Work to complete: The entries are to be repeated in full, without any change.

[[ Supplied material open ]]

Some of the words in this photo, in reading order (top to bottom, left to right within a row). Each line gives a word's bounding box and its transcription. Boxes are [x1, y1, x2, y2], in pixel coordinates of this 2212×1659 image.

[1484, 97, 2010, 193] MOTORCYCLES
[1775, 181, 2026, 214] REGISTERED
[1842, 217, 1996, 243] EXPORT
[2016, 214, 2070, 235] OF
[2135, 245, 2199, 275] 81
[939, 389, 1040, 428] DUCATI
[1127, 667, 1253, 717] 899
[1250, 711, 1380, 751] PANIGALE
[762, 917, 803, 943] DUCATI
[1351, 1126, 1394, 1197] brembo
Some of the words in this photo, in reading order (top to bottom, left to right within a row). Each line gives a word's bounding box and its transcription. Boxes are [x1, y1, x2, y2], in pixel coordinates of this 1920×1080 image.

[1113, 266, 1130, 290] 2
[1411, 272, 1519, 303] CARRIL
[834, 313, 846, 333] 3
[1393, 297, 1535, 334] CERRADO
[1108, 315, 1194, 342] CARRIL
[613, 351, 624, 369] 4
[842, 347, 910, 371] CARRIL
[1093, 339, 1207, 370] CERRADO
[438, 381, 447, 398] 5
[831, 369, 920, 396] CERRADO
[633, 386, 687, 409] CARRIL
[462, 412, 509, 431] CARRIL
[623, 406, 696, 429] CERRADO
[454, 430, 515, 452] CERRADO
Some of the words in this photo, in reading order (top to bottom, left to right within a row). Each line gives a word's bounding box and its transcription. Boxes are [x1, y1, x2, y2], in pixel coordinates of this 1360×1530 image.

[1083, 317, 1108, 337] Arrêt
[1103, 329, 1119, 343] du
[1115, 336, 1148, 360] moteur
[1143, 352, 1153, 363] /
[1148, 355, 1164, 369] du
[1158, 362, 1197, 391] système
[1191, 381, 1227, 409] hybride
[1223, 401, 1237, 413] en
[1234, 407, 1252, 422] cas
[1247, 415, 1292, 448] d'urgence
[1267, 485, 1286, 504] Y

[[ Supplied material closed ]]

Your solution:
Some of the words in this photo, in reading order (top to bottom, left to right within a row). Each line gives a word's bounding box and its transcription. Boxes are [x1, y1, x2, y2], in pixel coordinates of this 2212×1659 image.

[1484, 97, 2010, 193] MOTORCYCLES
[1775, 181, 2026, 214] REGISTERED
[1842, 217, 1996, 243] EXPORT
[2016, 214, 2070, 235] OF
[2135, 245, 2199, 275] 81
[939, 389, 1040, 428] DUCATI
[1127, 667, 1253, 717] 899
[1250, 711, 1380, 751] PANIGALE
[762, 917, 803, 943] DUCATI
[1351, 1126, 1394, 1197] brembo
Some of the words in this photo, in reading order (top to bottom, left to right within a row). Each line gives a word's bounding box and its transcription. Boxes are [x1, y1, x2, y2], in pixel coordinates of this 1920×1080 image.

[1113, 266, 1130, 290] 2
[1411, 272, 1519, 303] CARRIL
[834, 313, 846, 333] 3
[1393, 297, 1535, 334] CERRADO
[1108, 315, 1194, 342] CARRIL
[613, 351, 624, 369] 4
[842, 347, 910, 371] CARRIL
[1093, 339, 1207, 370] CERRADO
[438, 381, 447, 398] 5
[831, 369, 920, 396] CERRADO
[633, 386, 687, 409] CARRIL
[462, 412, 509, 431] CARRIL
[623, 406, 696, 429] CERRADO
[454, 430, 515, 452] CERRADO
Some of the words in this photo, in reading order (top to bottom, left to right within a row). Each line gives a word's bounding box and its transcription. Boxes are [x1, y1, x2, y2], in pixel coordinates of this 1360×1530 image.

[1083, 317, 1108, 337] Arrêt
[1103, 329, 1119, 343] du
[1115, 336, 1148, 360] moteur
[1143, 352, 1153, 363] /
[1148, 355, 1164, 369] du
[1158, 362, 1197, 391] système
[1191, 381, 1227, 409] hybride
[1223, 401, 1237, 413] en
[1234, 407, 1252, 422] cas
[1247, 415, 1292, 448] d'urgence
[1267, 485, 1286, 504] Y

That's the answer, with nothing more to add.